The leading questions for the session will be: how does the "time" of the objects observed matter for the pace of DEH projects? How much does the ongoing climate crisis affect perspectives of time observed and time it takes in DEH projects? How does the uncertainty of survivability for the observed subjects and objects, and visions of catastrophe for ecologies affect our perspectives on DEH projects? Does it create any urgency?

RSVP is encouraged, but you can also attend without RSVPing.

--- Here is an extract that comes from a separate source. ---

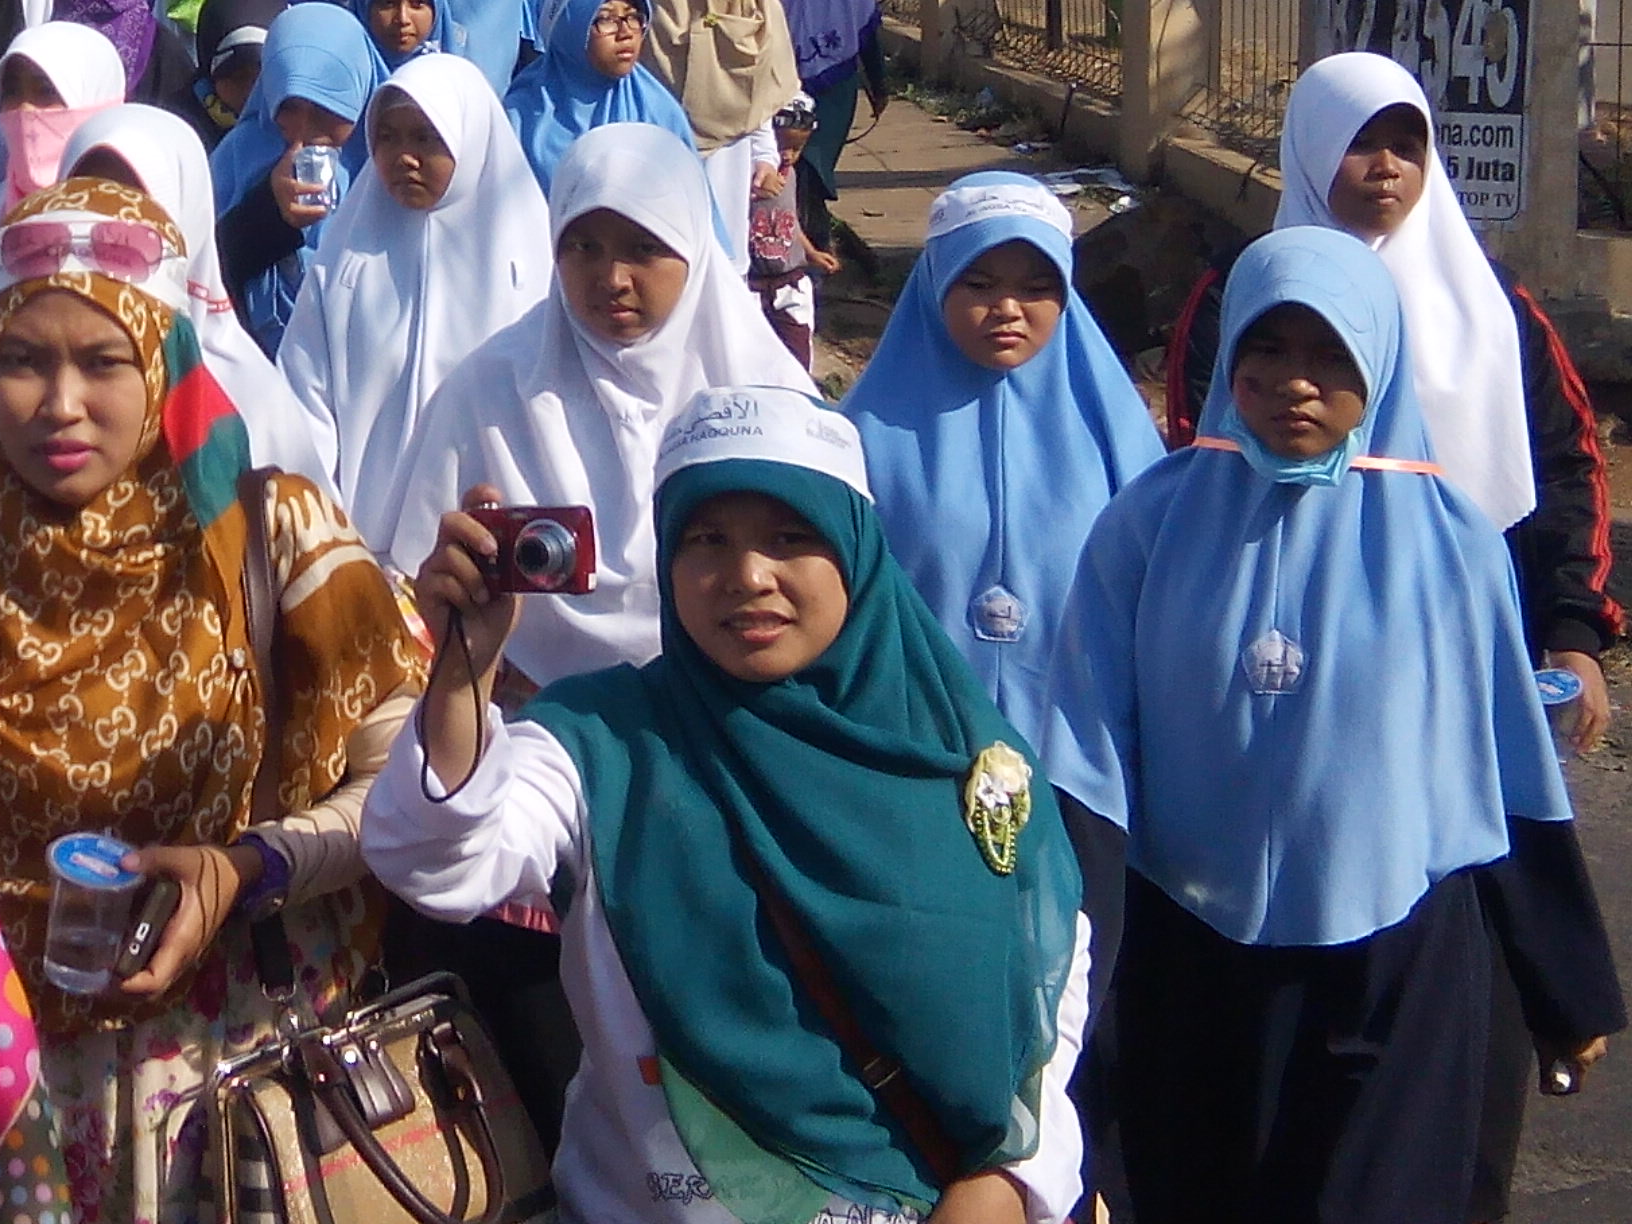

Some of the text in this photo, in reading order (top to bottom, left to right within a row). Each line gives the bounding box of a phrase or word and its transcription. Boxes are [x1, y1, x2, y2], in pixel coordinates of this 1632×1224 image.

[1438, 122, 1515, 149] na.com
[1465, 157, 1516, 183] Juta
[1496, 193, 1515, 206] TV

If you have any questions, email eeyurek [at] stanford.edu (eeyurek[at]stanford[dot]edu).

 

Zephyr Frank is Gildred Professor of Latin American Studies, Professor at the Stanford Doerr School of Sustainability, Senior Fellow at the Woods Institute for the Environment and professor, by courtesy, of Iberian and Latin American Cultures. He was also the founding Director of the Center for Spatial and Textual Analysis (CESTA) 2011-16.  His research interests focus on Brazilian social and cultural history, the study of wealth and inequality, and the digital humanities.

 

 

 

 

Deborah M. Gordon is a Professor in the Department of Biology at Stanford University. She studies how ant colonies work without central control using networks of simple interactions, and how these networks evolve in relation to changing environments. She received her PhD from Duke University, then joined the Harvard Society of Fellows, and did postdoctoral research at Oxford and the University of London before joining the Stanford faculty in 1991. Projects include a long-term study of a population of harvester ant colonies in Arizona, studies of the invasive Argentine ant in northern California, arboreal ant trail networks and ant-plant mutualisms in Central America.

 

Mark Algee-Hewitt’s research focuses on the eighteenth and early nineteenth centuries in England and Germany and seeks to combine literary criticism with digital and quantitative analyses of literary texts. In particular he is interested in the history of aesthetic theory and the development and transmission of aesthetic and philosophic concepts during the Enlightenment and Romantic periods. He is also interested in the relationship between aesthetic theory and the poetry of the long eighteenth century.  Although his primary background is in English literature, he also has a degree in computer science. As the director of the Stanford Literary Lab, he is working to bring his interests in quantitative analysis, digital humanities and eighteenth-century literature to bear on a number of new collaborative projects. His current book project, The Afterlife of the Sublime, explores the history of the sublime by tracing its discursive patterns through over 11,000 texts from the long eighteenth century, seeking clues to the disappearance of the term at the end of the Romantic period. As a Mellon Postdoctoral Fellow at McGill University, working with the Interacting with Print Research group, Dr. Algee-Hewitt was also involved in a variety of projects that combine literary interpretation with quantitative analysis. He is a co-coordinator of the Book History BiblioGraph, a new dynamic online resource and recommendation engine that visualizes connections between contemporary resources on Book History using statistical methods. He is also working with Andrew Piper on the Werther Topologies: a project that seeks to identify lexical patterns that will aid in tracing the impact of Goethe’s Sorrows of Young Werther on the nineteenth-century development of the German novel. Dr. Algee-Hewitt has taught a variety of courses in literary history and theory in both the English and German departments at McGill University, Rutgers University and New York University where he received his PhD in 2008.